PROBLEM STATEMENT: Could you print all the entries below exactly as they appear, omitting the pictures?
=== DATA FOR REVIEW ===
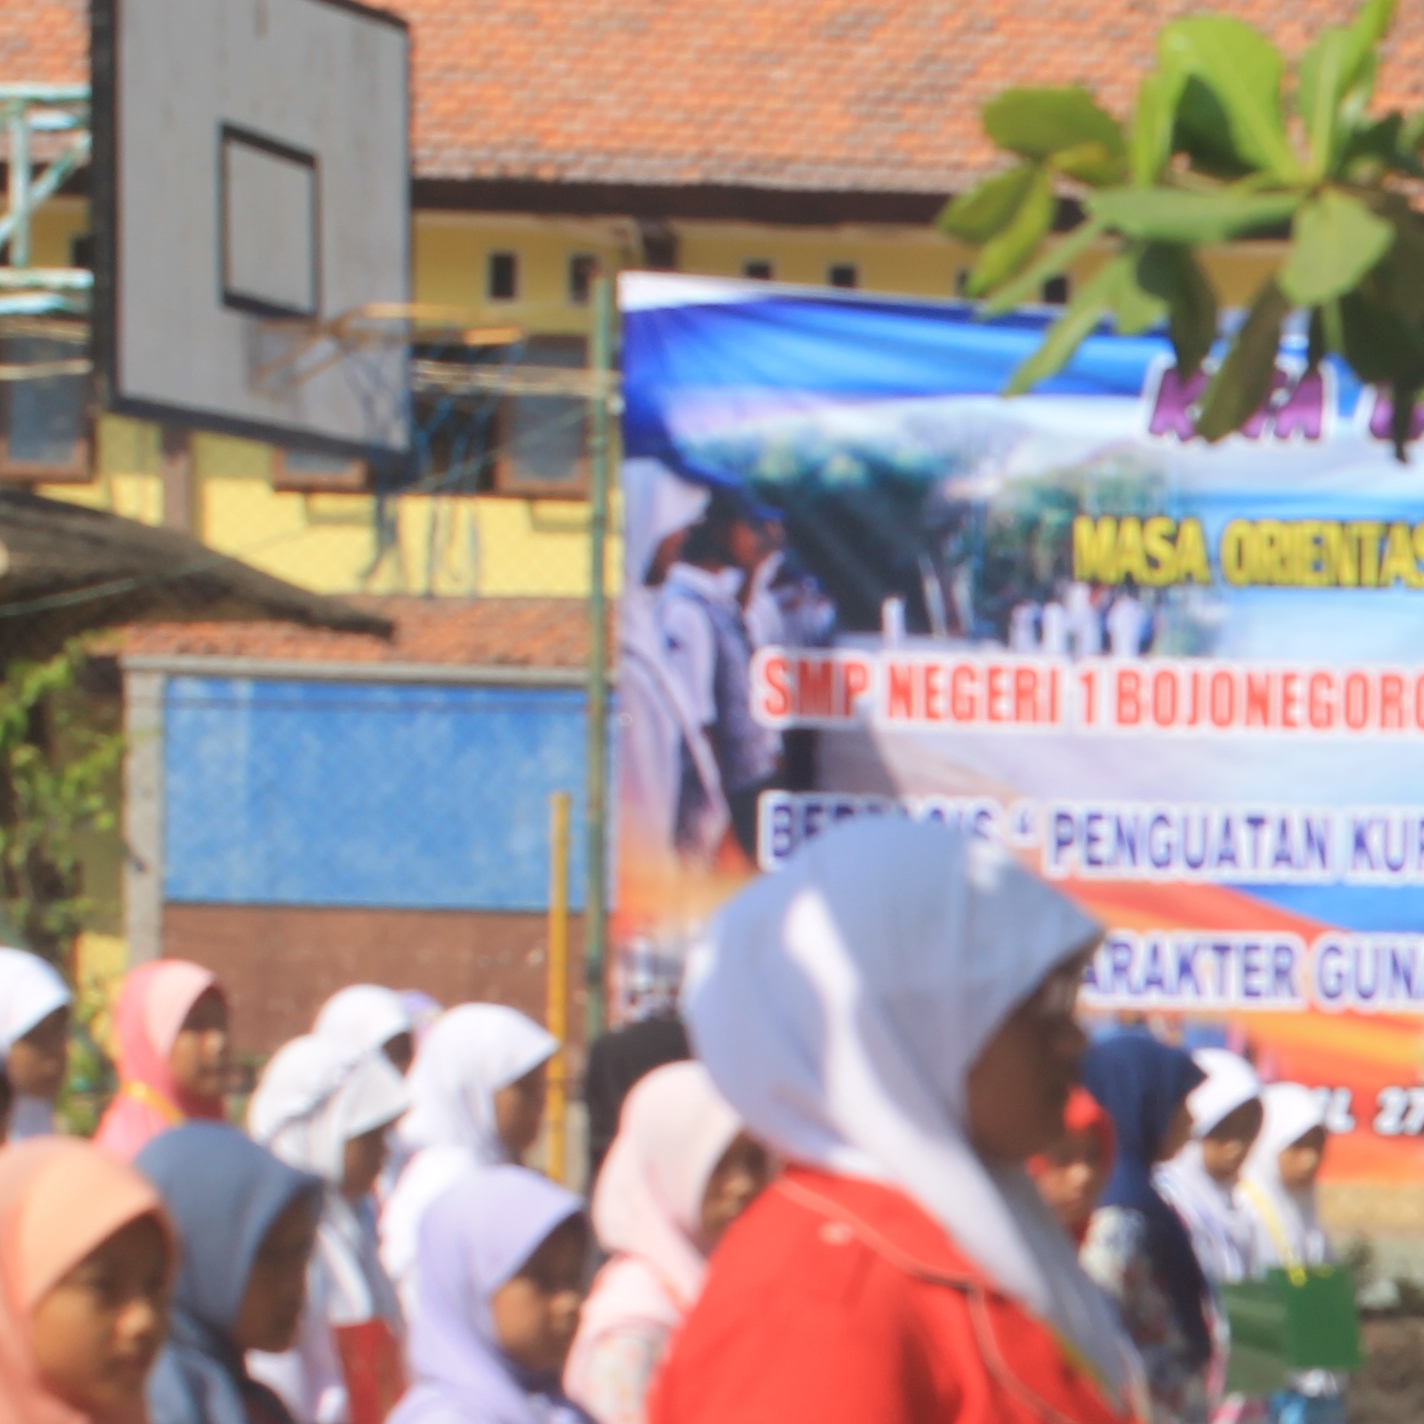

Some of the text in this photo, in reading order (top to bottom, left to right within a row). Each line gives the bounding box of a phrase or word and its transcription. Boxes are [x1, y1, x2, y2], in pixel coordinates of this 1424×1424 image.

[1072, 513, 1211, 587] MASA
[763, 657, 868, 718] SMP
[887, 663, 1059, 725] NEGERI
[1080, 669, 1096, 725] 1
[1054, 812, 1329, 870] PENGUATAN
[1083, 942, 1297, 999] RAKTER
===
REPLY TO THE EXERCISE:
Some of the text in this photo, in reading order (top to bottom, left to right within a row). Each line gives the bounding box of a phrase or word and its transcription. Boxes are [x1, y1, x2, y2], in pixel coordinates of this 1424×1424 image.

[1072, 513, 1211, 587] MASA
[763, 657, 868, 718] SMP
[887, 663, 1059, 725] NEGERI
[1080, 669, 1096, 725] 1
[1054, 812, 1329, 870] PENGUATAN
[1083, 942, 1297, 999] RAKTER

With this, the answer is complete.